Your answer should be an exact copy of the lines from the one holding "this 1600×1096 image." to the end of the material below, pictures left out.

SUPPLIED RECORDS:
==========

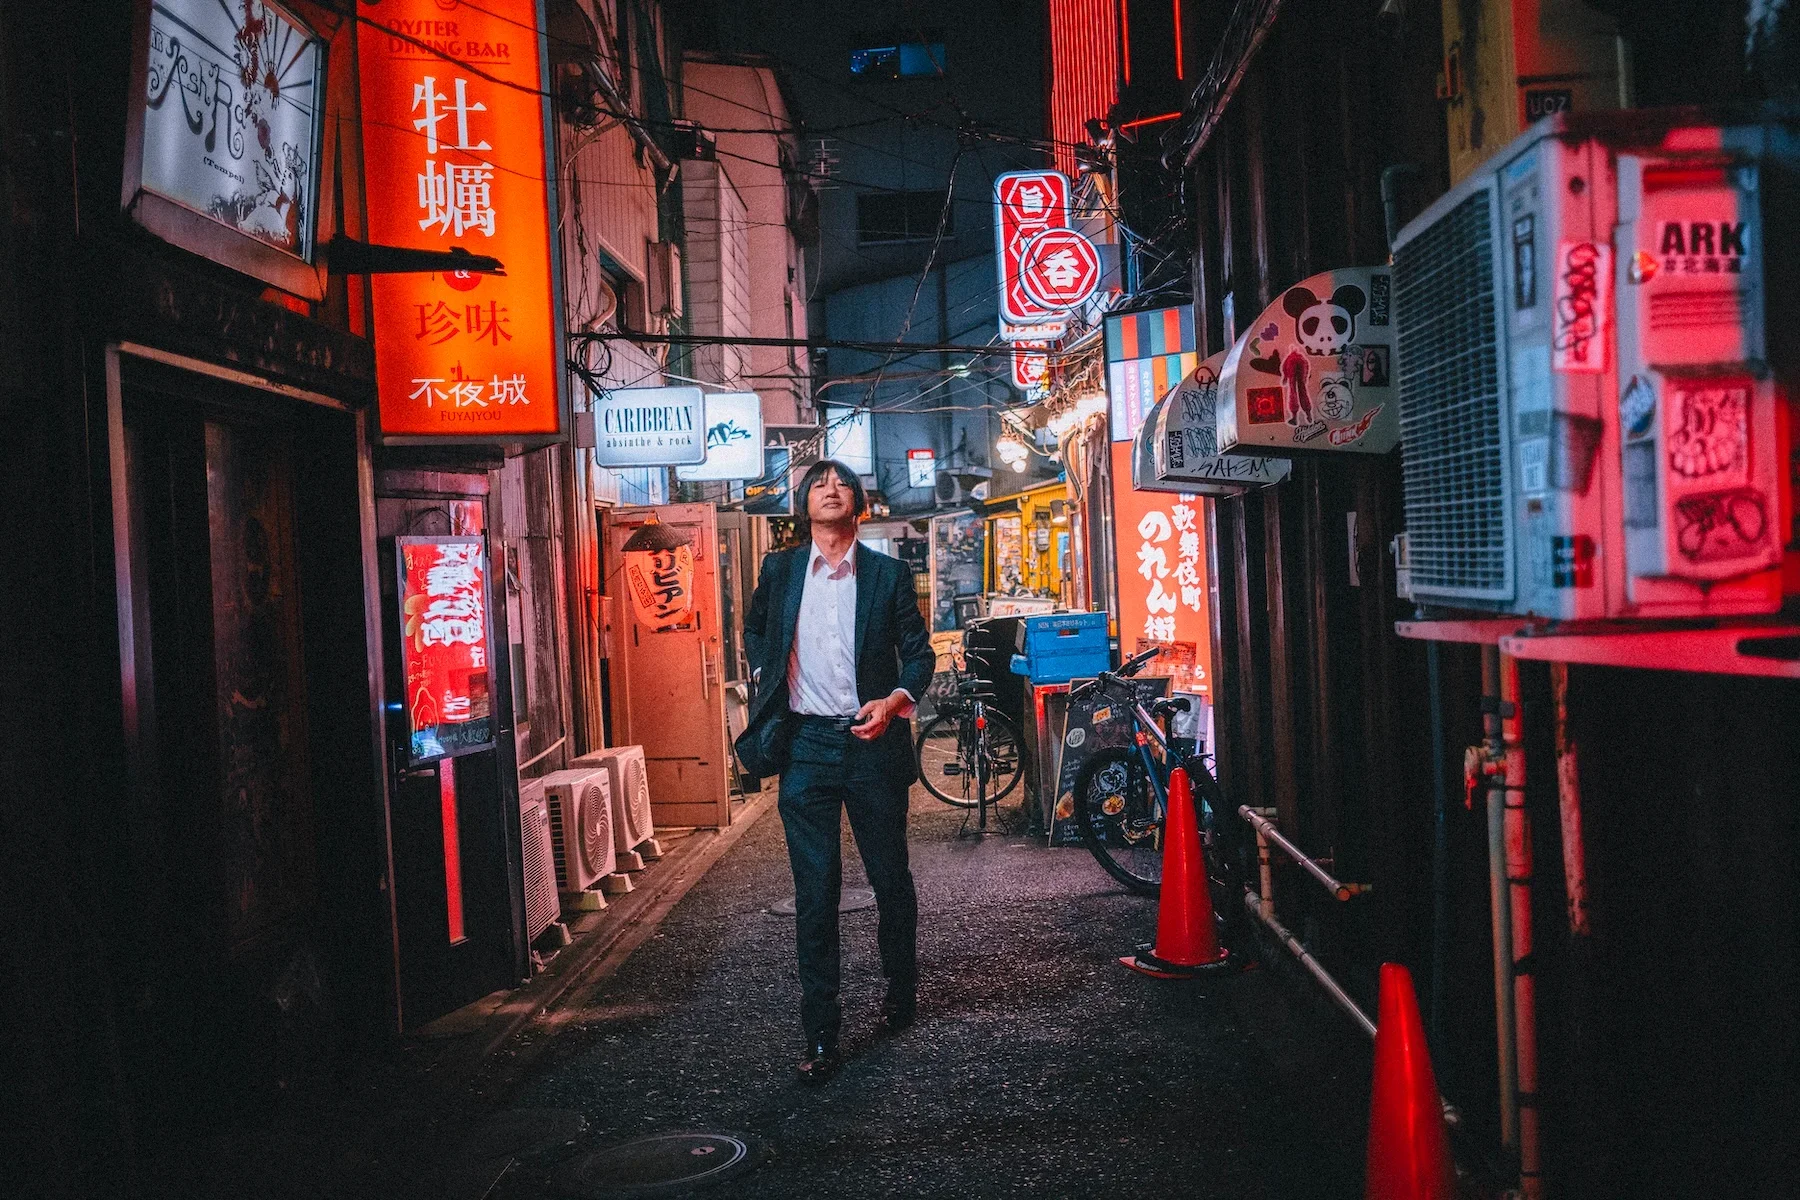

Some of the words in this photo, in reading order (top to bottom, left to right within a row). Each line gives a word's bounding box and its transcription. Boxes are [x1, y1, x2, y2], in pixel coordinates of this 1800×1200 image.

[387, 19, 460, 36] OYSTER
[466, 42, 510, 58] BAR
[411, 75, 497, 238] 牡蠣
[1660, 222, 1746, 255] ARK
[413, 300, 513, 347] 珍味
[408, 373, 531, 408] 不夜城
[440, 410, 501, 422] FUYAJYOU
[605, 406, 693, 434] CARIBBEAN
[606, 436, 651, 448] absinthe
[657, 436, 663, 446] &
[669, 435, 692, 446] rock
[1136, 511, 1177, 645] のれん街
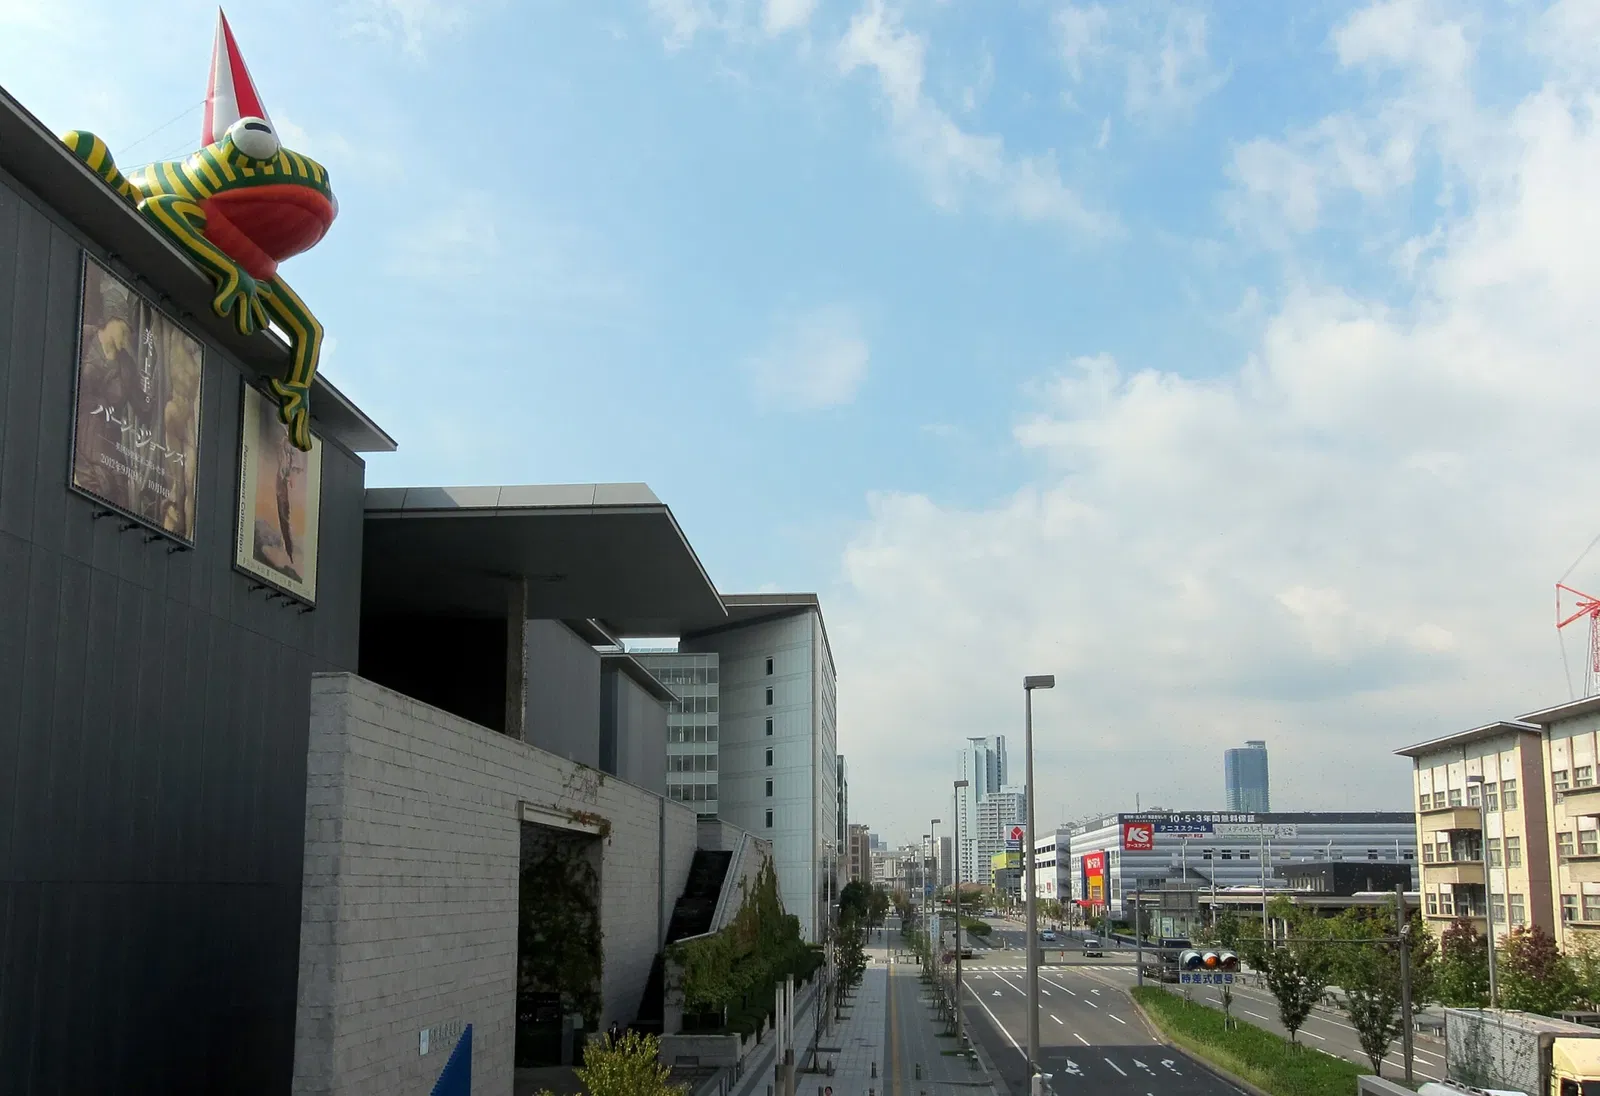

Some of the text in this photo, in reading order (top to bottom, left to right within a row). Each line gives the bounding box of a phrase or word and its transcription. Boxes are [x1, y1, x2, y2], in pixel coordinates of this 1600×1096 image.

[238, 443, 250, 553] Permanent Collection
[1181, 973, 1234, 985] 時差式信号
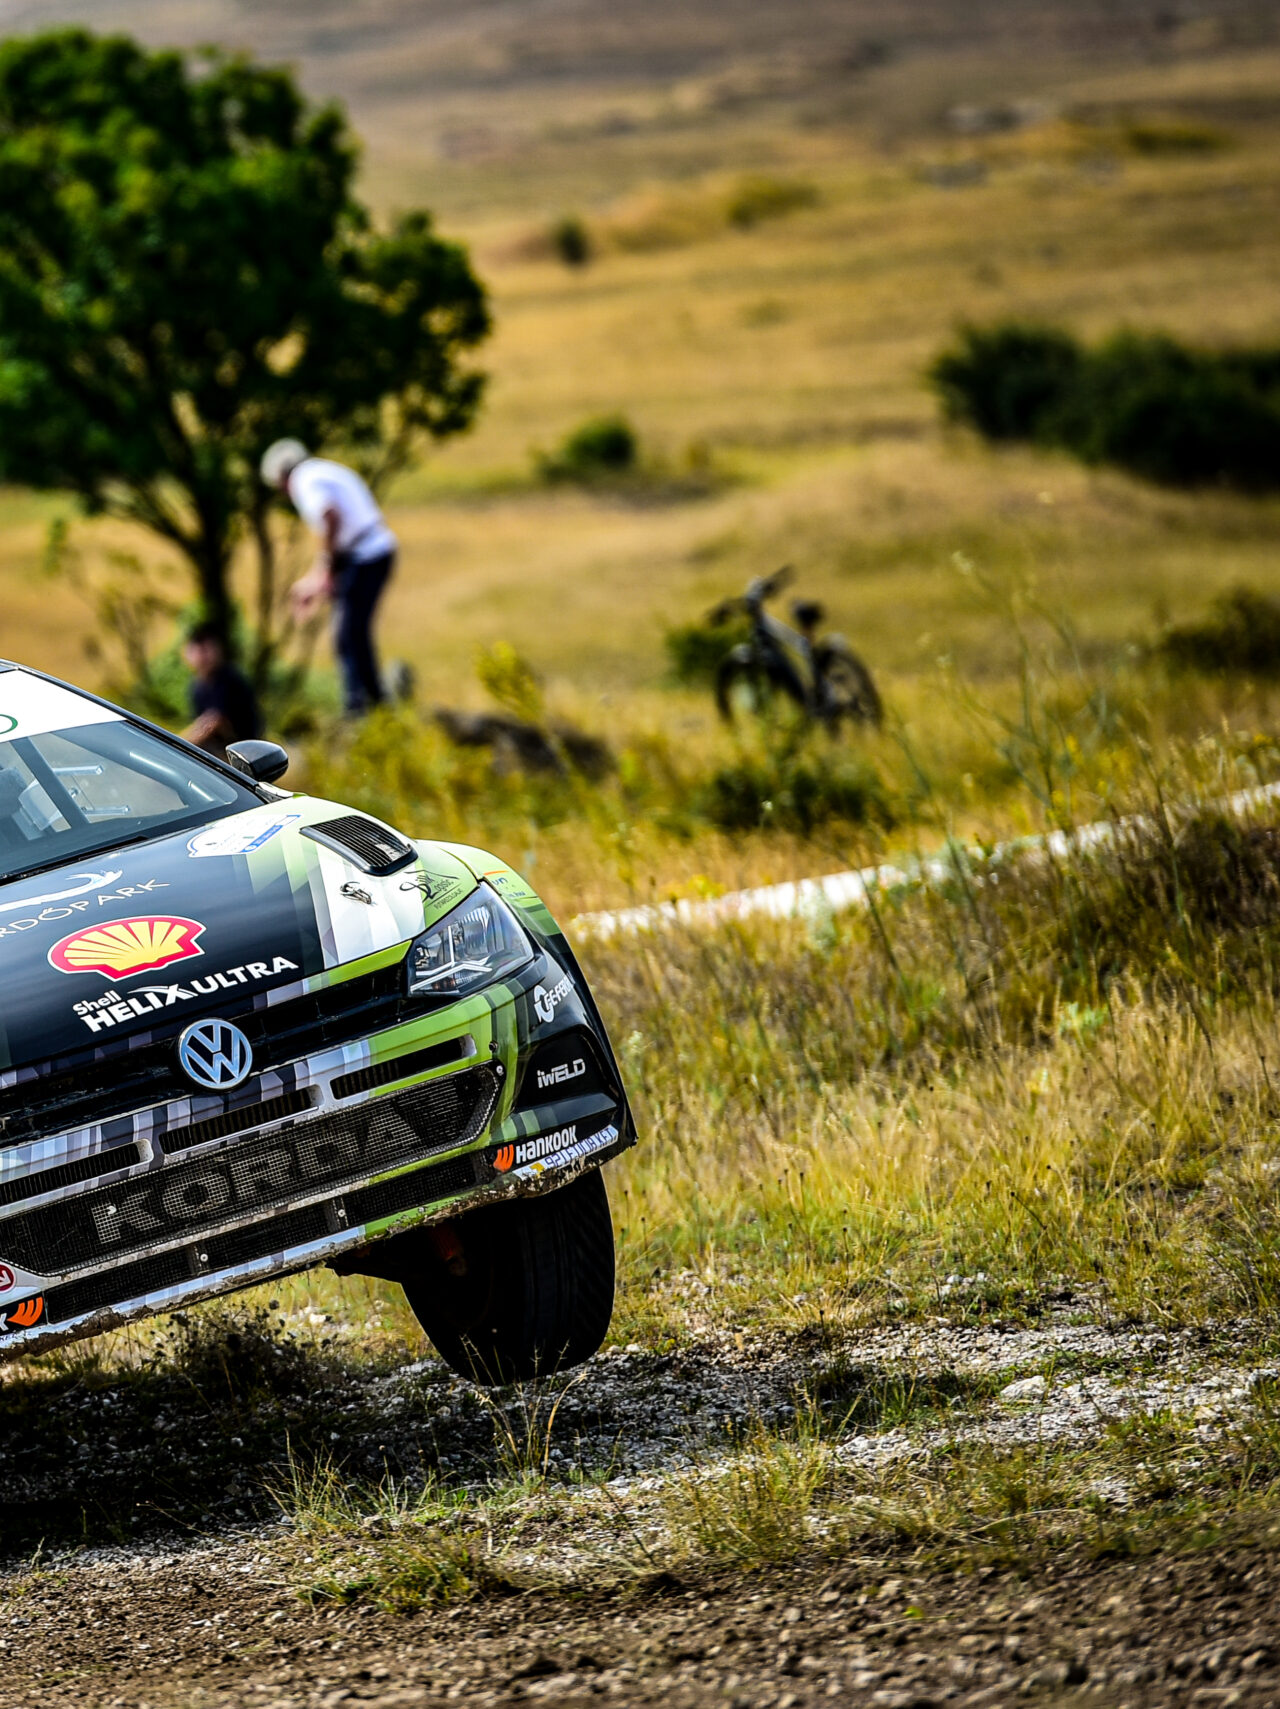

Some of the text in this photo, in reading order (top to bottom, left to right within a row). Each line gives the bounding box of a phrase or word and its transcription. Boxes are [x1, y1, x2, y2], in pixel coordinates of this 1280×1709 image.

[72, 990, 122, 1017] Shell
[80, 955, 299, 1033] HELIX ULTRA
[93, 1099, 421, 1244] KORDA

==========

RESULT BELOW:
Some of the text in this photo, in reading order (top to bottom, left to right within a row). Each line gives the bounding box of a phrase or word and its transcription. Boxes are [x1, y1, x2, y2], in pixel coordinates of this 1600×1096 image.

[238, 443, 250, 553] Permanent Collection
[1181, 973, 1234, 985] 時差式信号

Some of the text in this photo, in reading order (top to bottom, left to right within a row). Each line gives the bounding box of a phrase or word and its transcription. Boxes are [x1, y1, x2, y2], in pixel coordinates of this 1280×1709 image.

[72, 990, 122, 1017] Shell
[80, 955, 299, 1033] HELIX ULTRA
[93, 1099, 421, 1244] KORDA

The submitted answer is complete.